→ The problem: Leaving out every picture, quote the data below exactly as it appears.

*** Materials provided

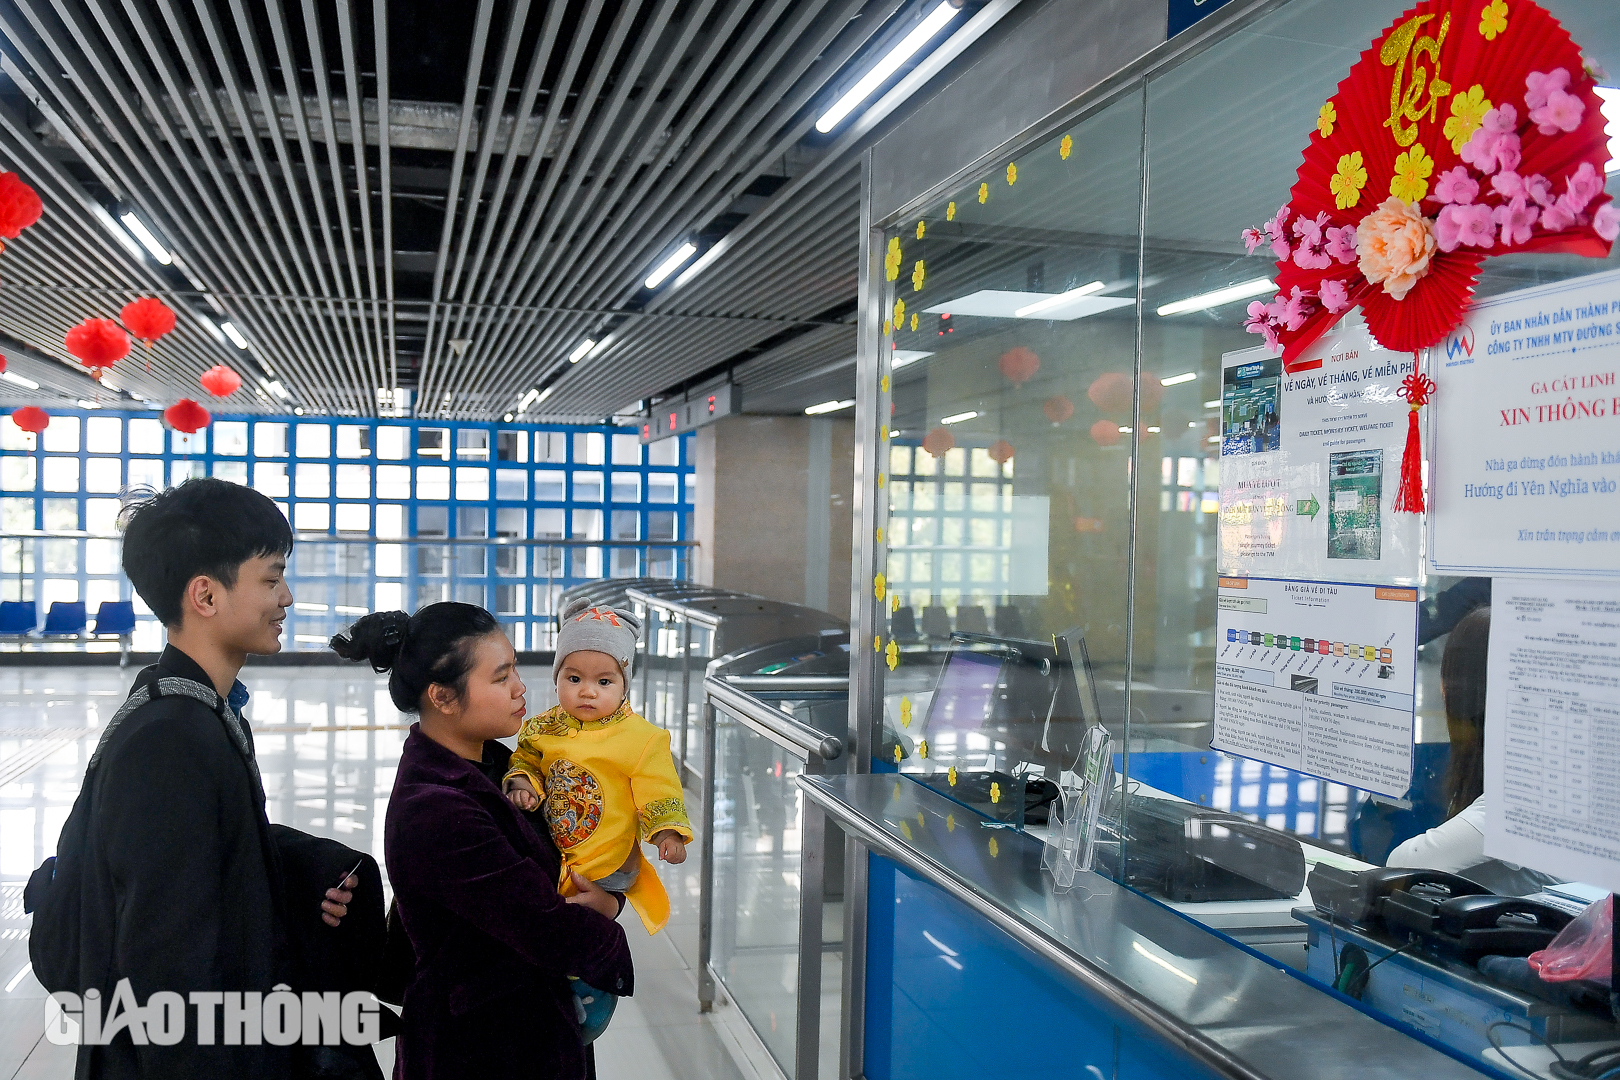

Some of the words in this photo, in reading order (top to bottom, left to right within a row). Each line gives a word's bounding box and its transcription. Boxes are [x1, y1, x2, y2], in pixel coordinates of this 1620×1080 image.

[1490, 320, 1501, 335] ỦY
[1504, 319, 1522, 333] BAN
[1525, 311, 1550, 329] NHÂN
[1553, 307, 1572, 324] DÂN
[1576, 301, 1608, 320] THÀNH
[1487, 339, 1511, 355] CÔNG
[1513, 338, 1523, 351] TY
[1526, 334, 1551, 349] TNHH
[1553, 330, 1574, 344] MTV
[1576, 322, 1613, 341] ĐƯỜNG
[1345, 350, 1359, 360] BÁN
[1284, 380, 1293, 392] VÉ
[1294, 376, 1316, 390] NGÀY,
[1317, 373, 1328, 387] VÉ
[1330, 369, 1360, 385] THÁNG,
[1362, 365, 1373, 380] VÉ
[1374, 360, 1398, 377] MIỄN
[1531, 382, 1548, 394] GA
[1551, 375, 1578, 392] CÁT
[1581, 372, 1615, 389] LINH
[1306, 395, 1314, 405] VÀ
[1500, 406, 1531, 427] XIN
[1535, 396, 1606, 423] THÔNG
[1485, 458, 1505, 471] Nhà
[1507, 460, 1518, 472] ga
[1547, 455, 1568, 468] đón
[1570, 452, 1598, 466] hành
[1464, 483, 1504, 500] Hướng
[1506, 481, 1518, 496] đi
[1521, 480, 1545, 496] Yên
[1549, 478, 1589, 498] Nghĩa
[1592, 477, 1617, 493] vào
[1518, 529, 1534, 541] Xin
[1311, 584, 1318, 594] VÉ
[1327, 586, 1338, 595] TÀU

******

→ Task solution:
Some of the words in this photo, in reading order (top to bottom, left to right within a row). Each line gives a word's bounding box and its transcription. Boxes are [x1, y1, x2, y2], in pixel coordinates of this 1620×1080 image.

[1490, 320, 1501, 335] ỦY
[1504, 319, 1522, 333] BAN
[1525, 311, 1550, 329] NHÂN
[1553, 307, 1572, 324] DÂN
[1576, 301, 1608, 320] THÀNH
[1487, 339, 1511, 355] CÔNG
[1513, 338, 1523, 351] TY
[1526, 334, 1551, 349] TNHH
[1553, 330, 1574, 344] MTV
[1576, 322, 1613, 341] ĐƯỜNG
[1345, 350, 1359, 360] BÁN
[1284, 380, 1293, 392] VÉ
[1294, 376, 1316, 390] NGÀY,
[1317, 373, 1328, 387] VÉ
[1330, 369, 1360, 385] THÁNG,
[1362, 365, 1373, 380] VÉ
[1374, 360, 1398, 377] MIỄN
[1531, 382, 1548, 394] GA
[1551, 375, 1578, 392] CÁT
[1581, 372, 1615, 389] LINH
[1306, 395, 1314, 405] VÀ
[1500, 406, 1531, 427] XIN
[1535, 396, 1606, 423] THÔNG
[1485, 458, 1505, 471] Nhà
[1507, 460, 1518, 472] ga
[1547, 455, 1568, 468] đón
[1570, 452, 1598, 466] hành
[1464, 483, 1504, 500] Hướng
[1506, 481, 1518, 496] đi
[1521, 480, 1545, 496] Yên
[1549, 478, 1589, 498] Nghĩa
[1592, 477, 1617, 493] vào
[1518, 529, 1534, 541] Xin
[1311, 584, 1318, 594] VÉ
[1327, 586, 1338, 595] TÀU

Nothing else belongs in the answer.